The Iida Kofun cluster (飯田古墳群, IIda Kofun-gun) is group kofun burial mounds located in the Shimoida neighborhood of the city of Iida, Nagano in the Chūbu region of Japan. Thirteen tumuli have been collectively protected as a National Historic Site since 2016.

==Outline==
In the Shimoina area of southern Nagano prefecture is a group of ancient burial mounds distributed on river terraces of the right bank of the Tenryū River. There were once more than 520 kofun in Iida, of which a total of 22 are collectively called the "Iida Kofun cluster". These tumuli consist of 18 keyhole-shaped (zenpō-kōen-fun (前方後円墳)) and four scallop-shaped hotatekaigata-kofun (帆立貝形古墳) tumuli. The presence of so many of this style of tumuli point to a very strong political and cultural connection to the ancient Yamato kingdom. The Iida tumulus group is presumed to have been built in the middle-late Kofun period in the latter half of the 5th century and the end of the 6th century. During this period, it is postulated that the Iida area was a major horse breeding base for the Yamato kingdom, and the introduction of horses led to the development of inland transportation networks and inter-regional trade, which is reflected in various aspects of each tumulus. Of the group, 11 keyhole-shaped and two scallop-shaped tumulus received National Historic Site designation in 2016.

The largest of these tumuli is the Unsaiji Kofun (雲彩寺古墳, Unsaiji kofun), also known as the Iinuma Tenjindsuka Kofun, which is a keyhole-shaped tumulus with a total length of 74.5 meters. The burial chamber is a lateral type stone corridor with an entrance to the west, with the total length of 13 meters.

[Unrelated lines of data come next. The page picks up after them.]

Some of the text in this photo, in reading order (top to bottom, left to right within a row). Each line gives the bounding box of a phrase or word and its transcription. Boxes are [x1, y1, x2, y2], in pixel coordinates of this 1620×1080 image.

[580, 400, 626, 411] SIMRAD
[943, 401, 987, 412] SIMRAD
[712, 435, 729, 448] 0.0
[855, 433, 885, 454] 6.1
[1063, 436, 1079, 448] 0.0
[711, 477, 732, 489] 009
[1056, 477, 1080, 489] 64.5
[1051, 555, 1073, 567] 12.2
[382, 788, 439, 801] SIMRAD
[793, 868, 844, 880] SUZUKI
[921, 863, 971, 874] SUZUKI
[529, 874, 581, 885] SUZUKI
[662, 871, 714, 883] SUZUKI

The entrance is blocked, but the back wall on the east side has been removed. The length of the chamber itself is 5.7 meters by 2.3 meters, with a height of 1.7 meters. It was opened in the Edo period, at which time bronze mirrors, beads, rings, horse harnesses, and pottery was excavated, but most of these artifacts have been lost. The neighboring Unsai-ji temple, whose main hall partially encroaches on the tumulus, has preserved a golden ring and two bells from a horse harness. The tumulus was built in the middle of the 6th century. It was designated a Nagano Prefectural Historic Site in 1965.

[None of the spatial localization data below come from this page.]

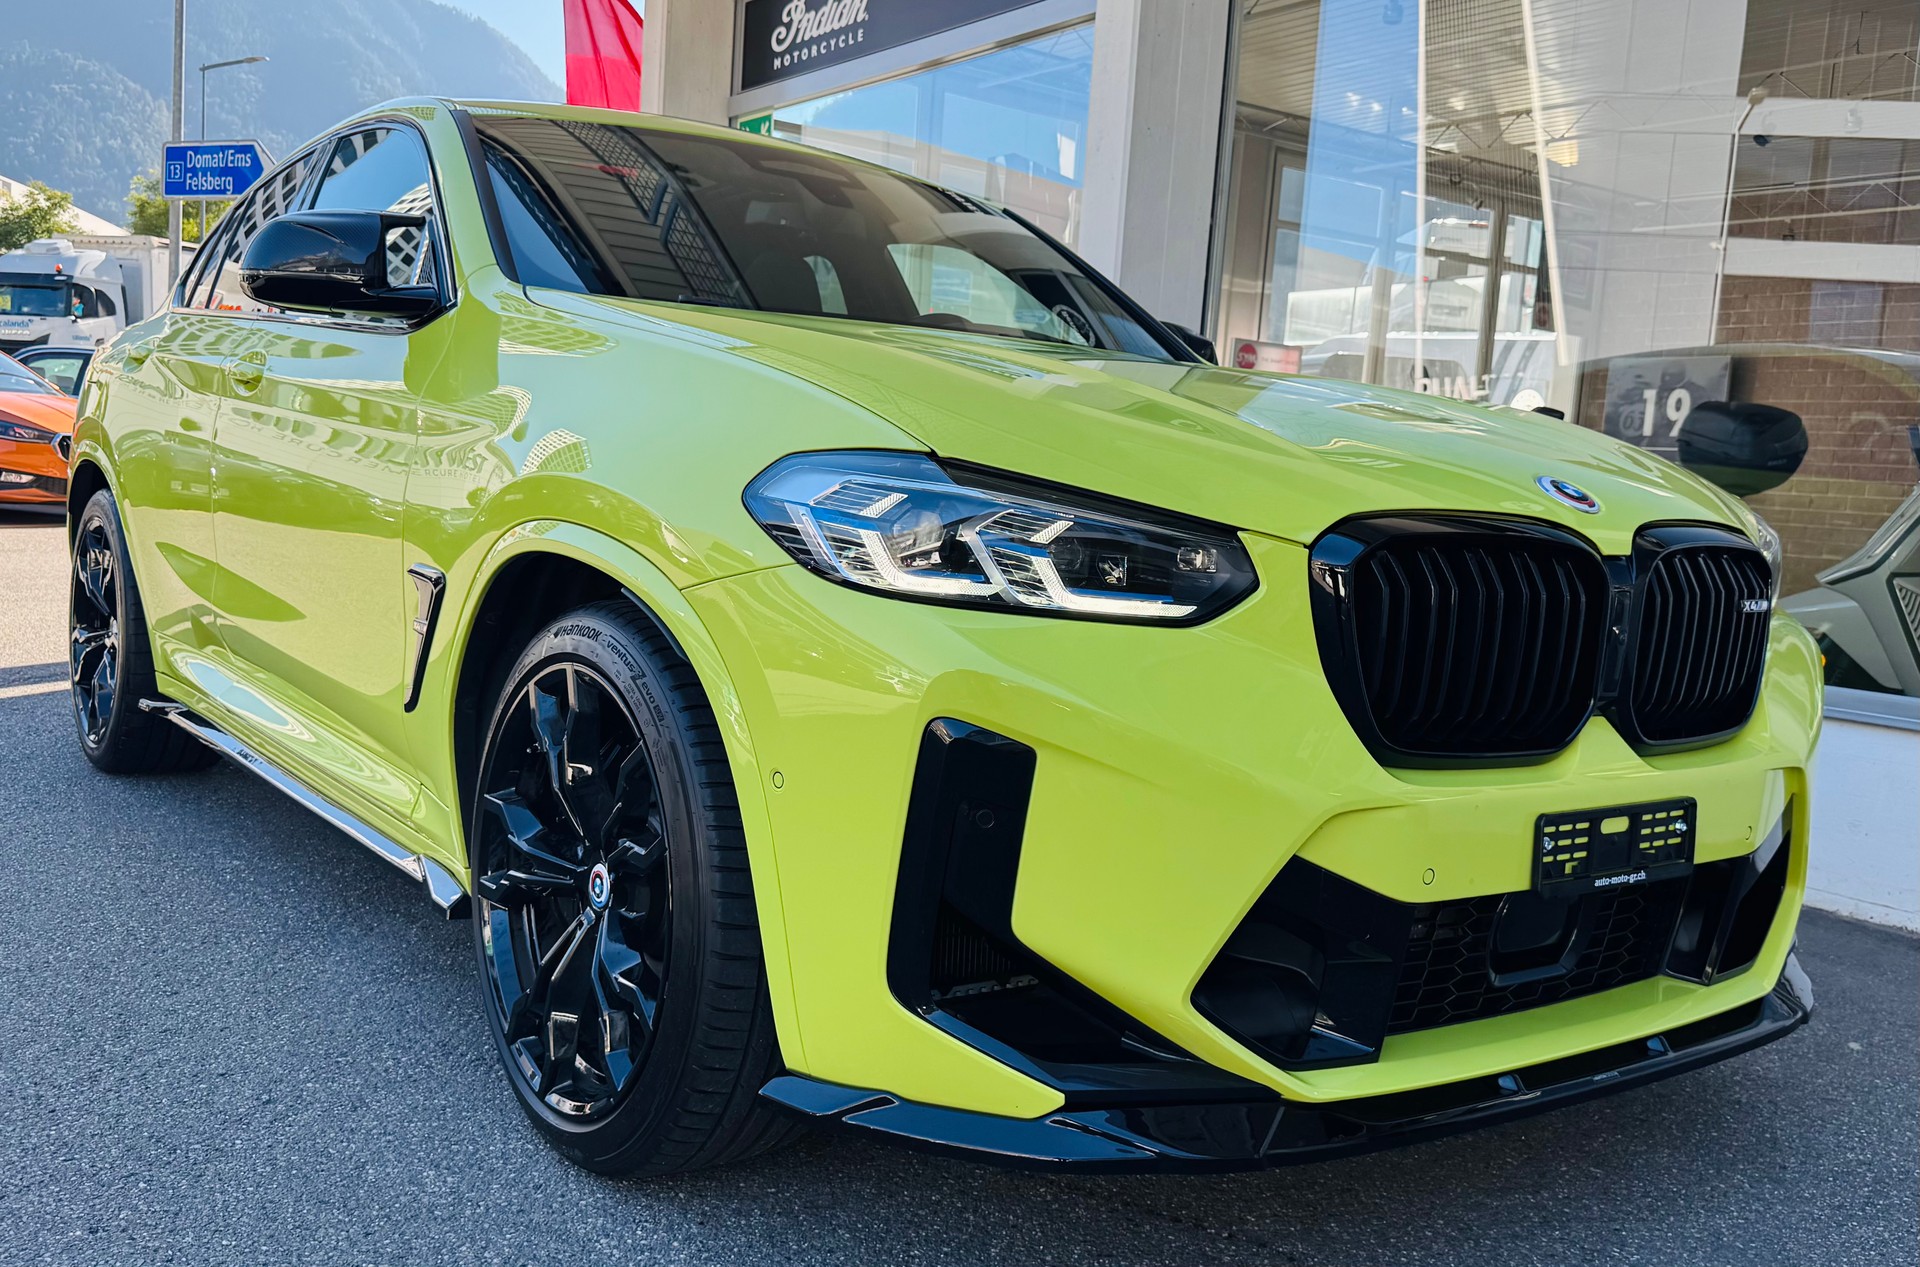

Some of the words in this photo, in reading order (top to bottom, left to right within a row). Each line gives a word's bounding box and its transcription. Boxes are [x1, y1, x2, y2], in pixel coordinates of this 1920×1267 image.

[771, 0, 868, 53] Indian
[773, 28, 864, 70] MOTORCYCLE
[186, 149, 252, 168] Domat/Ems
[169, 164, 181, 178] 13
[185, 171, 233, 194] Felsberg
[1594, 870, 1646, 887] auto-moto-gr.ch

| Unit | Kofun name | Location | Coordinates | Type | Length | Burial Chamber | Date | Remarks |
|---|---|---|---|---|---|---|---|---|
| Zakoji | Takaoka No.1 Kofun | Zakoji | 35°32′6.33″N 137°51′47.03″E﻿ / ﻿35.5350917°N 137.8630639°E | keyhole | 72.3m | horizontal | early 6th c |  |
| Kamigo | Unsaiji Kofun | Kamisatoiinuma | 35°30′45.40″N 137°50′47.96″E﻿ / ﻿35.5126111°N 137.8466556°E | keyhole | 74.5m | horizontal | early 6c |  |
| Matsuo | Misajiro Shishidsuka Kofun | Matsuomisajiro | 35°29′59.80″N 137°50′48.76″E﻿ / ﻿35.4999444°N 137.8468778°E | keyhole | 60.0m |  | late 5c |  |
| Matsuo | Misayama Shishidsuka Kofun | Matsuohisai | 35°30′6.37″N 137°50′24.56″E﻿ / ﻿35.5017694°N 137.8401556°E | keyhole | 58.0m | horizontal | late 5c/early 6c |  |
| Matsuo | Himedsuka Kofun | Matsuoagemizo | 35°30′11.94″N 137°50′48.36″E﻿ / ﻿35.5033167°N 137.8467667°E | keyhole | 40.0m | horizontal | early 6c |  |
| Matsuo | Agemizo Tenjindsuka Kofun | Matsuoagemizo | 35°30′7.80″N 137°50′42.47″E﻿ / ﻿35.5021667°N 137.8451306°E | keyhole | 41.5m | horizontal | mid 6c |  |
| Matsuo | Okandsuka Kofun | Matsuoagemizo | 35°30′8.62″N 137°50′37.92″E﻿ / ﻿35.5023944°N 137.8438667°E | keyhole | 50m | horizontal | late 6c |  |
| Tatsuoka | Otsuka Kofun | Kiribayashi | 35°28′9.79″N 137°49′19.50″E﻿ / ﻿35.4693861°N 137.8220833°E | keyhole | 50m | vertical | late 5c |  |
| Tatsuoka | Tsukahara Futagodsuka Kofun | Kiribayashi | 35°27′53.65″N 137°49′14.26″E﻿ / ﻿35.4649028°N 137.8206278°E | keyhole | 73m | vertical | late 5c |  |
| Tatsuoka | Kagamidsuka Kofun | Kiribayashi | 35°27′53.49″N 137°49′8.63″E﻿ / ﻿35.4648583°N 137.8190639°E | scallop | 45m | vertical | late 5c |  |
| Tatsuoka | Yoroidsuka Kofun | Kiribayashi | 35°27′51.03″N 137°49′9.41″E﻿ / ﻿35.4641750°N 137.8192806°E | scallop | 45m | vertical | late 5c |  |
| Tatsuoka | Osarudo Kofun | Kiribayashi | 35°27′41.76″N 137°48′44.56″E﻿ / ﻿35.4616000°N 137.8123778°E | keyhole | 65.4m | horizontal | mid 6c | bronze mirror (ICP) found |
| Tatsuoka | Masedsuka Kofun | Kamikawaji | 35°27′48.68″N 137°48′51.50″E﻿ / ﻿35.4635222°N 137.8143056°E | keyhole | 46.4m | horizontal | late 6c | last constructed |

==See also==

- List of Historic Sites of Japan (Nagano)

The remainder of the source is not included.